Please do not A/B test my workflow
A/B Testing in a Paid, “Professional” Tool
- Many see silent A/B tests on core behavior of a dev tool as unacceptable, especially when it’s central to paid workflows.
- Distinction drawn between:
- UI-level A/B tests (button color, layout) vs.
- Changing the output or behavior of the core tool (e.g., how plan mode works, what code gets written).
- Critics argue this breaks reproducibility, makes debugging and sharing workflows impossible, and should require explicit opt‑in and clear labeling.

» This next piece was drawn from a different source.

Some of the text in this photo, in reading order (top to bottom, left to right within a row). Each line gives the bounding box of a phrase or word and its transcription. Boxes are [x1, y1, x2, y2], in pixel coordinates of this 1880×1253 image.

- Others reply that A/B testing is standard for cloud software, is allowed by the ToS, and is needed to improve products; they see outrage as unrealistic given modern SaaS norms.
Determinism, Reliability, and “Professional” Use of LLMs
- Some claim professional tools must be reliable and replicable; LLM nondeterminism plus hidden prompt changes violate that.
- Counterpoints:
- LLMs can be made deterministic via seeds (though major vendors don’t expose this consistently).

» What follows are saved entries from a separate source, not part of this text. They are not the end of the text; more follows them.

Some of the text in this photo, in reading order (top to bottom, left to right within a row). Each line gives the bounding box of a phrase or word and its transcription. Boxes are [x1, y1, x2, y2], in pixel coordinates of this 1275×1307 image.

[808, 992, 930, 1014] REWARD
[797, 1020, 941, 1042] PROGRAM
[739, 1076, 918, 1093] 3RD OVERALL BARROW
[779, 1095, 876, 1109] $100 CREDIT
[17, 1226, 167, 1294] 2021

- Real‑world professional systems (finance models, networks, sensors) are already noisy; “trust but verify” is the right posture.

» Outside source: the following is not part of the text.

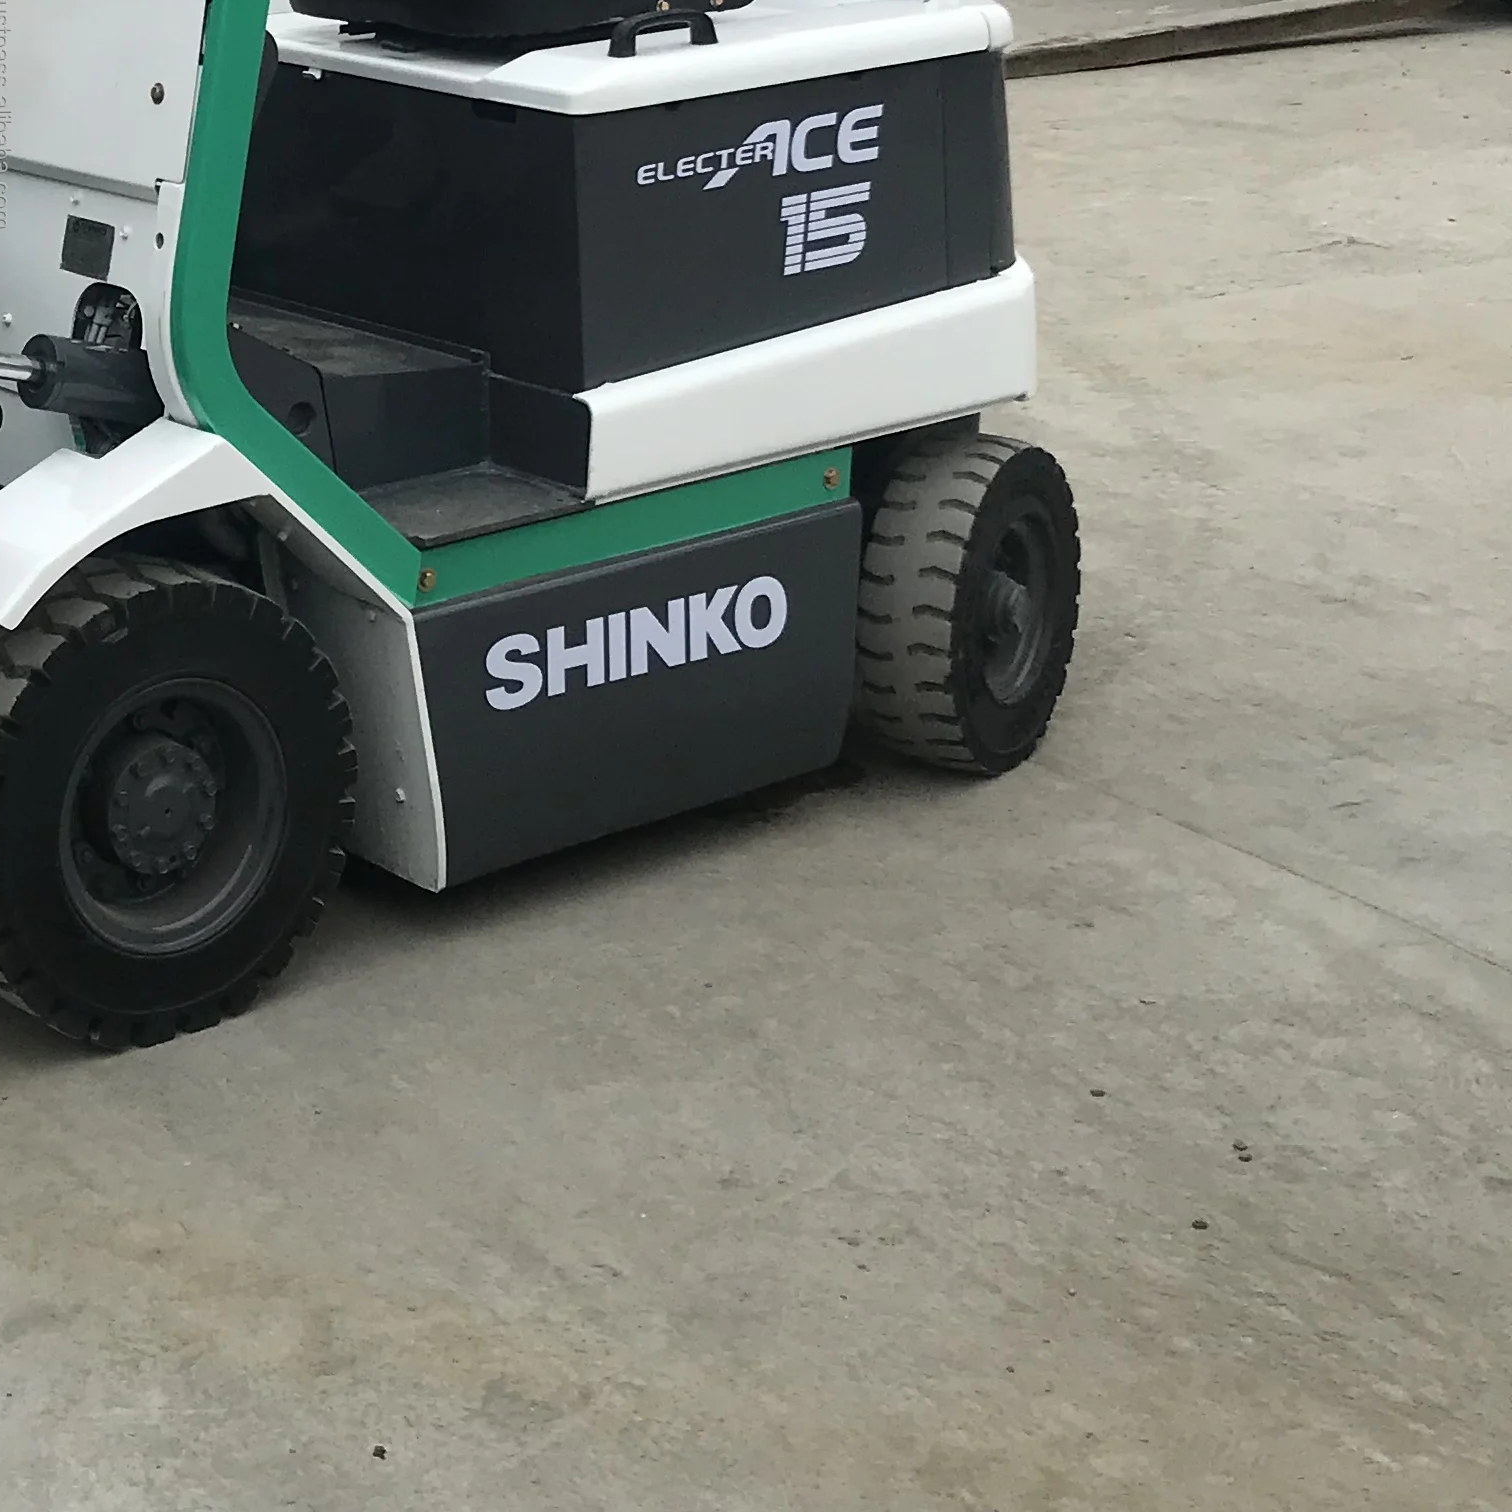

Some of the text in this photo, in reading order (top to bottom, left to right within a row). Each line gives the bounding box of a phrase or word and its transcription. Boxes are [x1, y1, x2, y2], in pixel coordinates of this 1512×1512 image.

- Debate over whether LLMs are “like people” or “just autocomplete.” One side warns against anthropomorphism (Eliza effect); the other notes conversational ability and pair‑programming usefulness.
Claude Code, Plan Mode, and Product Quality
- Multiple reports that plan mode recently degraded: terse, low‑detail plans, odd behavior, more friction.
- Later clarification from an Anthropic employee: an experiment capped plans at ~40 lines to reduce rate‑limit hits; it showed little benefit and was ended.
- Users complain about:
- “Vibe‑coded” CLI, poor QA, unstable updates, inconsistent model quality before new releases.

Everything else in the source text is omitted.